Task to carry out =>
Although the data below contains pictures, please reproduce only its words, exactly.

Source material =>
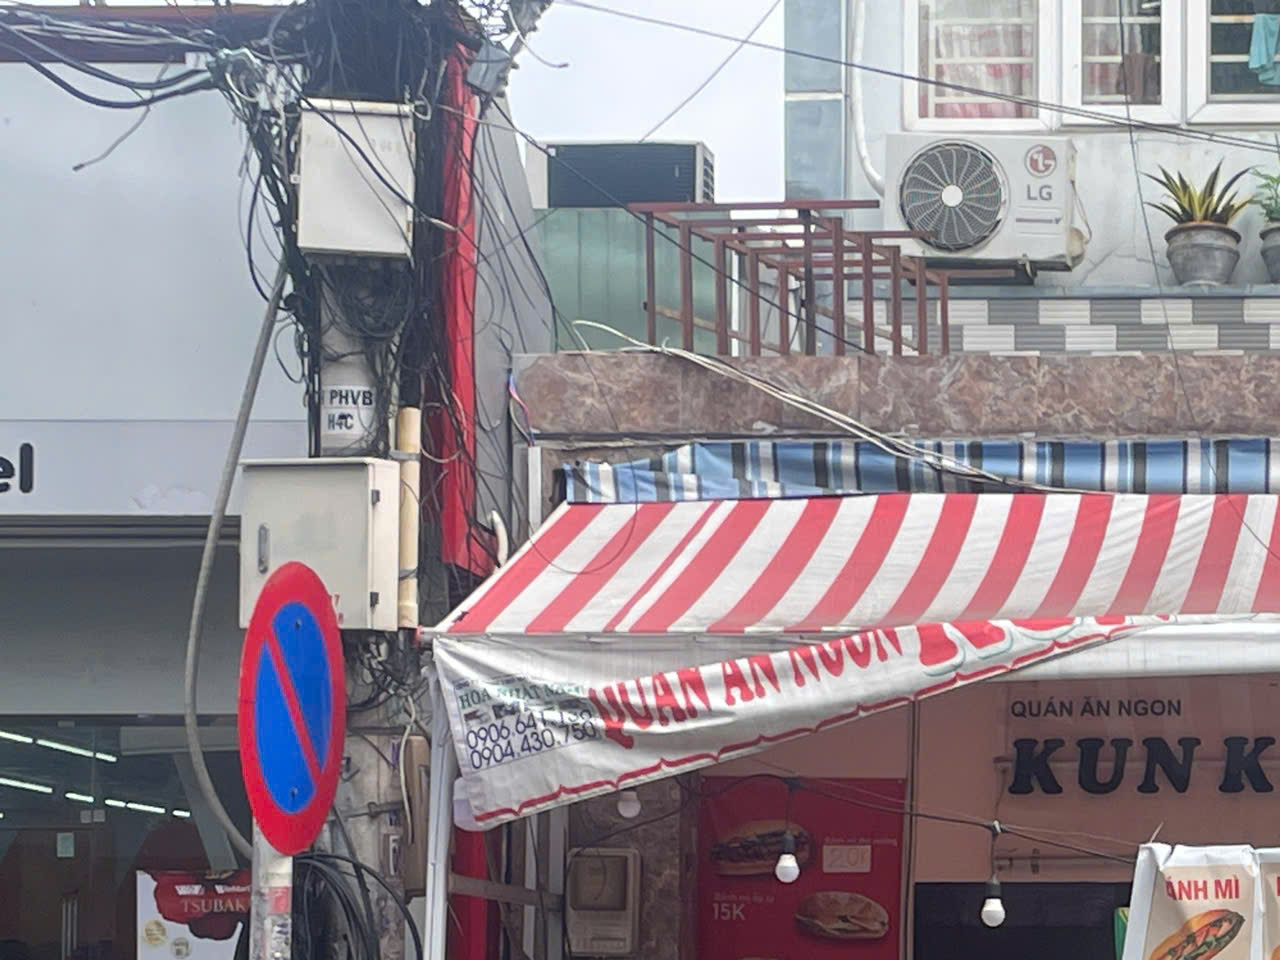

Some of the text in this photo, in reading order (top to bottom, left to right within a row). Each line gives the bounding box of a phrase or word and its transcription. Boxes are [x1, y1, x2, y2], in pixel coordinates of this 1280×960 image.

[1027, 184, 1053, 200] LG
[330, 389, 373, 405] PHVB
[1010, 698, 1071, 718] QUÁN
[1118, 700, 1182, 717] NGON
[471, 719, 597, 769] 0904.430.750
[1009, 737, 1200, 794] KUN
[1165, 874, 1240, 900] ÁNH MÌ
[182, 899, 246, 912] TSUBAK
[712, 903, 745, 920] 15K

Reply =>
Some of the text in this photo, in reading order (top to bottom, left to right within a row). Each line gives the bounding box of a phrase or word and its transcription. Boxes are [x1, y1, x2, y2], in pixel coordinates of this 1280×960 image.

[1027, 184, 1053, 200] LG
[330, 389, 373, 405] PHVB
[1010, 698, 1071, 718] QUÁN
[1118, 700, 1182, 717] NGON
[471, 719, 597, 769] 0904.430.750
[1009, 737, 1200, 794] KUN
[1165, 874, 1240, 900] ÁNH MÌ
[182, 899, 246, 912] TSUBAK
[712, 903, 745, 920] 15K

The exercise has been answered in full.